I’m (very) slowly writing a series of posts about my last year in Game. I’ll repeat: I’ll still be coaching, just not approaching for myself because I want to start a family. The first two posts in this series told my story of how I got into Daygame, but today I want to talk about how I feel leaving the Game and specifically to talk about sacrifice. This was a point that Breeze and I covered on our podcast on Endgame (link here) and it stemmed from the most common question guys ask me about my decision to end my Daygame career:

“How do you turn it off?”

I’m very lucky in that I’ve always had a lot of will. That I could control how I reacted to different things and act in a way that benefitted me in the long term rather than simply going for the short term gratification. I think that skill is going to be of great use in the next phase of my life’s adventure because at some point, as a man, I think you have to sacrifice.

I’m not saying anything new here, by any means. It’s long been said that men have to sacrifice for their families and society in general. I don’t want to get into any “enjoy the decline” and “women are toxic and so don’t deserve our sacrifice” arguments because, in my opinion, they’re flawed, because you get to choose which society you’re a part of and which women you allow into your life. If I was being harsh I would say that the kind of men who say those things are the ones who wouldn’t have anything to sacrifice for.

The specific sacrifice I have to talk about with guys is that of knowing that there are opportunities for sex walking around you, all the time, but that you choose not to act on them.
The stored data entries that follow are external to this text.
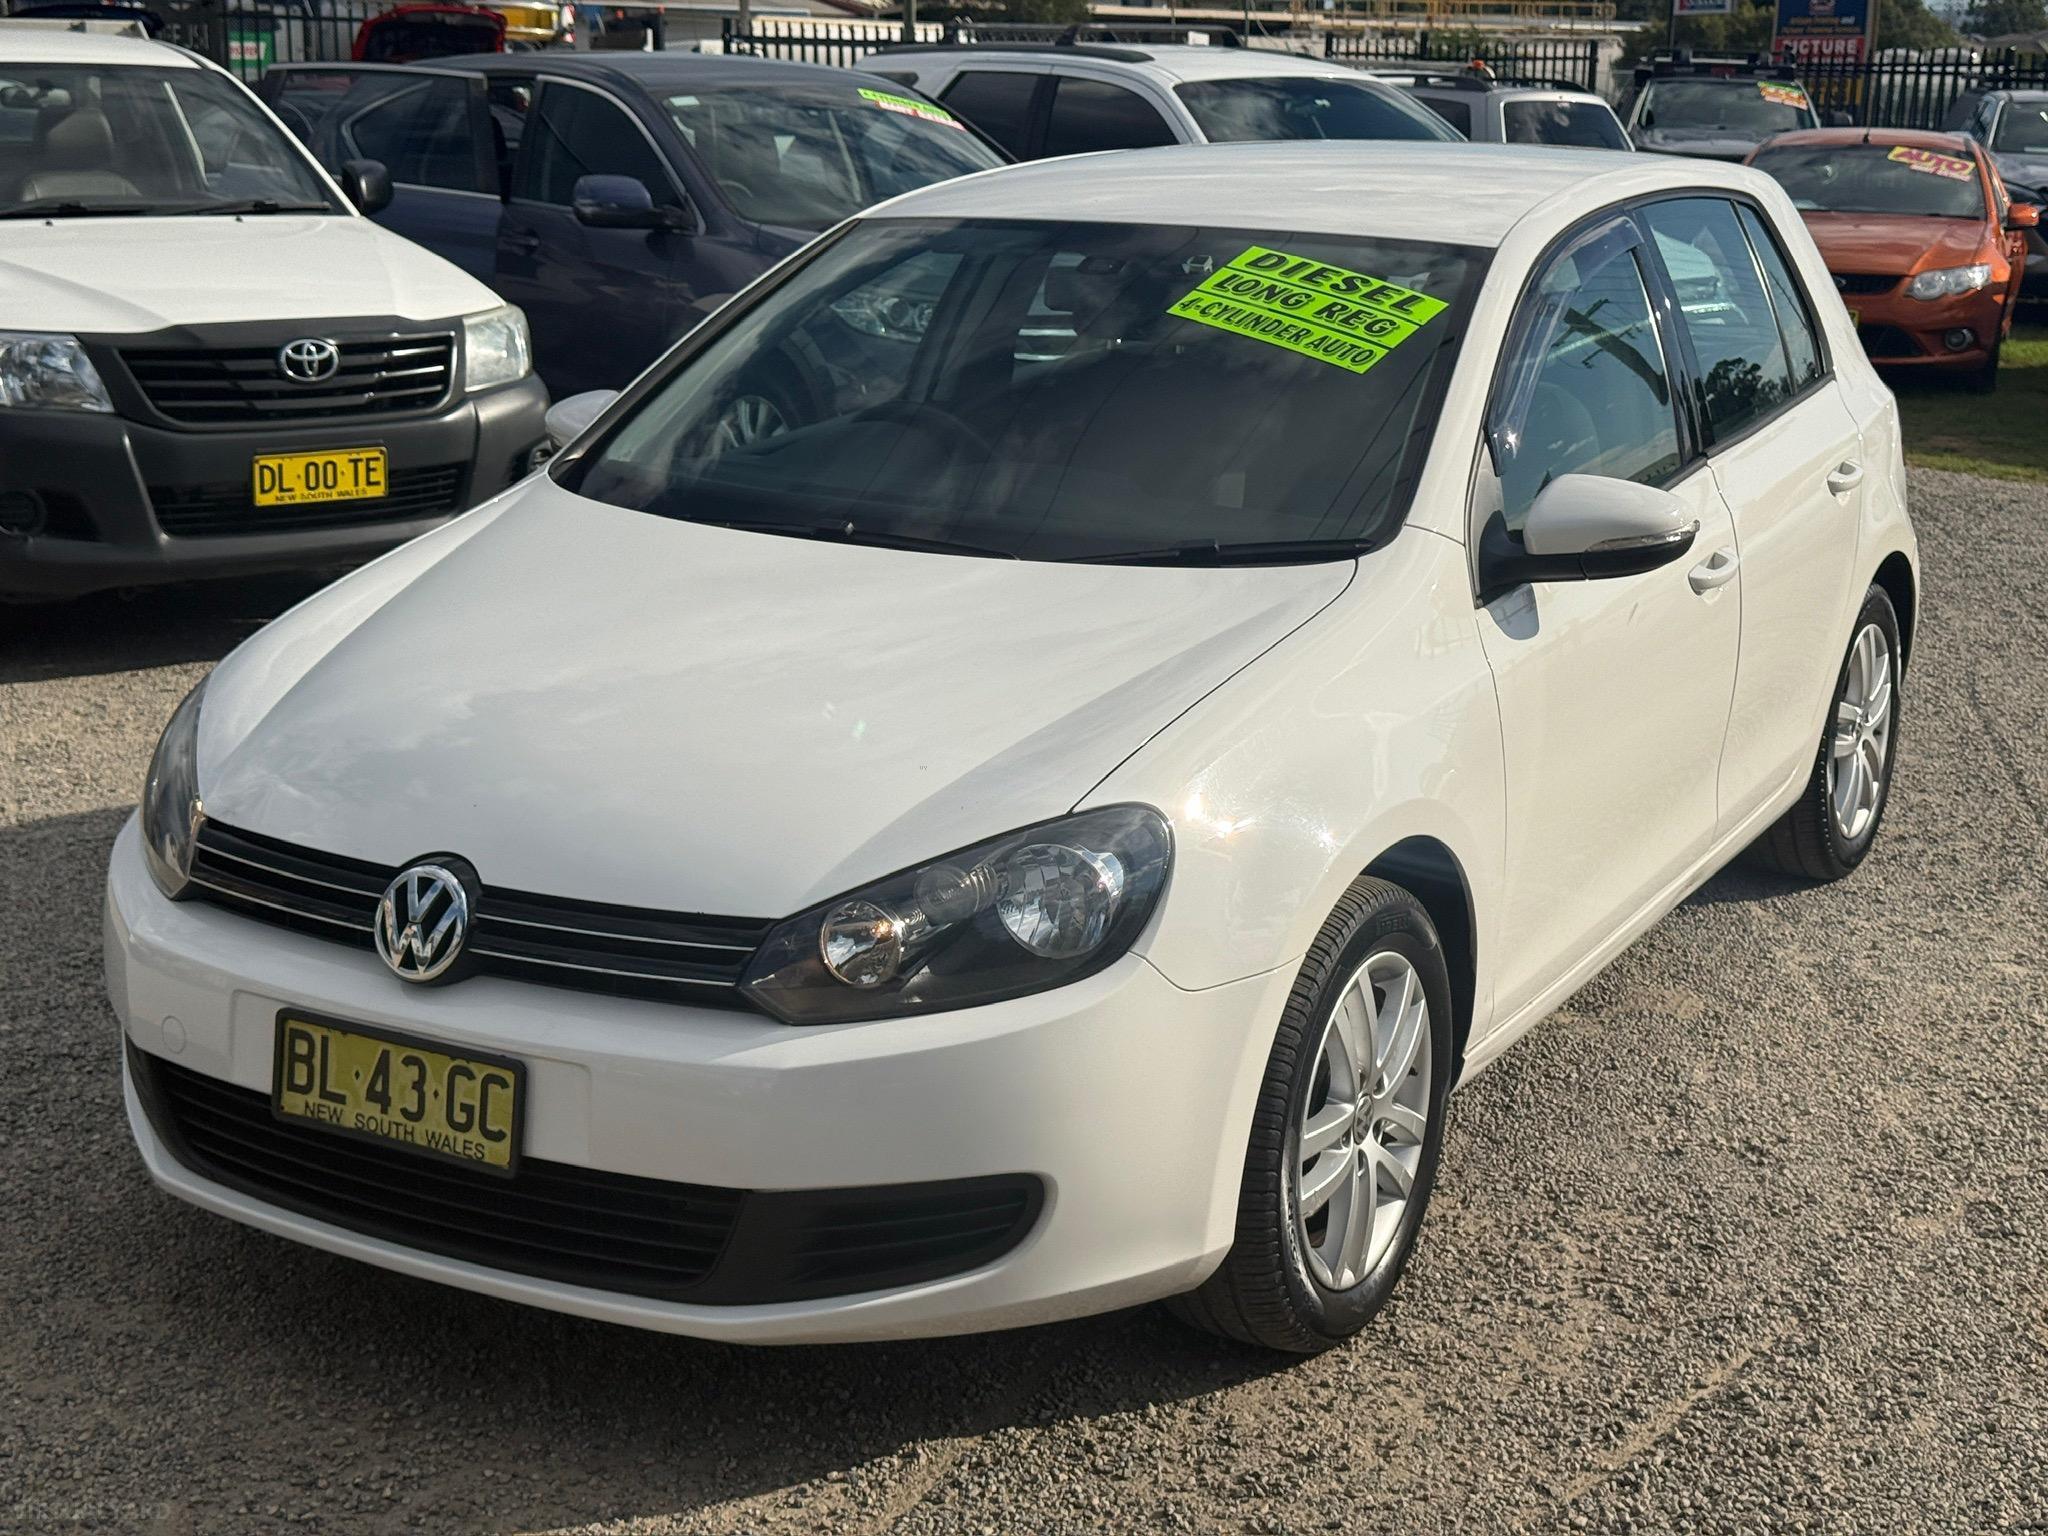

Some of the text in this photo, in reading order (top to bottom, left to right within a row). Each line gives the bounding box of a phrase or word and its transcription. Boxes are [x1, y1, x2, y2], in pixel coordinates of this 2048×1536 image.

[1213, 273, 1399, 337] LONG REG
[1244, 252, 1426, 315] DIESEL
[1179, 296, 1377, 366] 4-CYLINDER AUTO
[304, 1101, 486, 1161] NEW SOUTH WALES
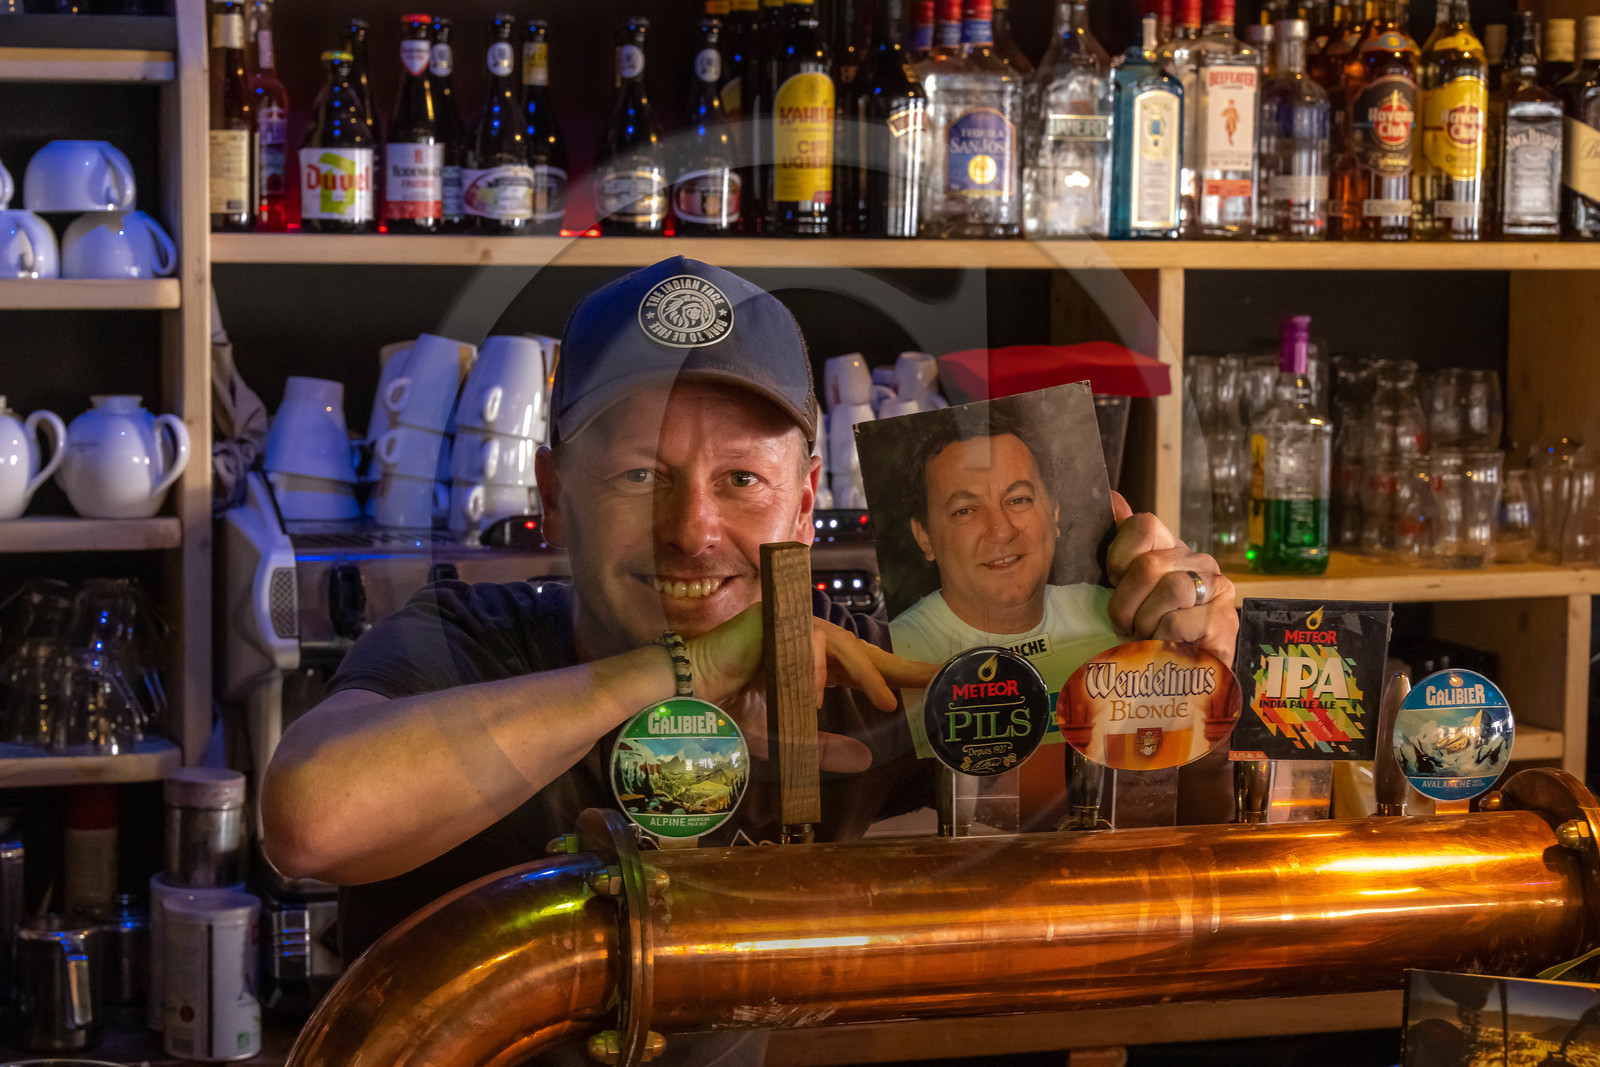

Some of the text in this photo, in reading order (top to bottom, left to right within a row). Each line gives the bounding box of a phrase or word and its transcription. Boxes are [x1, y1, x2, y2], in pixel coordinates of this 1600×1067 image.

[306, 163, 371, 192] Duvel
[646, 278, 725, 307] THE INDIAN FACE
[648, 318, 728, 343] BORN TO BE FREE
[1284, 629, 1337, 644] METEOR
[1086, 661, 1217, 699] Wendelinus
[1265, 656, 1350, 699] IPA
[952, 680, 1020, 701] METEOR
[1426, 684, 1486, 706] GALIBIER
[1259, 699, 1336, 710] INDIA PALE ALE
[648, 711, 718, 735] GALIBIER
[944, 707, 1032, 743] PILS
[968, 745, 1007, 758] Depuis 1927
[1422, 779, 1472, 788] AVALANCHE
[650, 817, 686, 827] ALPINE
They imagine that you’ll be walking around with your wife and kids and of course you’ll be divorced soon and of course your wife is draining away every last ounce of your masculinity and just then… An absolutely gorgeous girl walks by and gives you a massive IOI.

The simplest answer I can give to them is that I know that having a strong family structure is the best environment for children to grow up in and that foregoing those opportunities is the best way to create that environment. That’s where you have to have will and that’s where you have to make a sacrifice. Of course, I’m not saying that the girl who walks by isn’t attractive, but the choice you have to make is between the wellbeing of your children versus the momentary pleasure of that one girl. I’m at a point in my life where that choice is an easy one, and I’ll come back to this point later.

Another piece of luck I’ve benefitted from is starting my Daygame journey when I was much younger than the usual Daygame novice. I was only 23 when I started and so will have had over eight years of Daygame behind me when I finish. I’ve had my innings and have reached a great score. Time to go out on a high and declare the whole thing an umitigated success.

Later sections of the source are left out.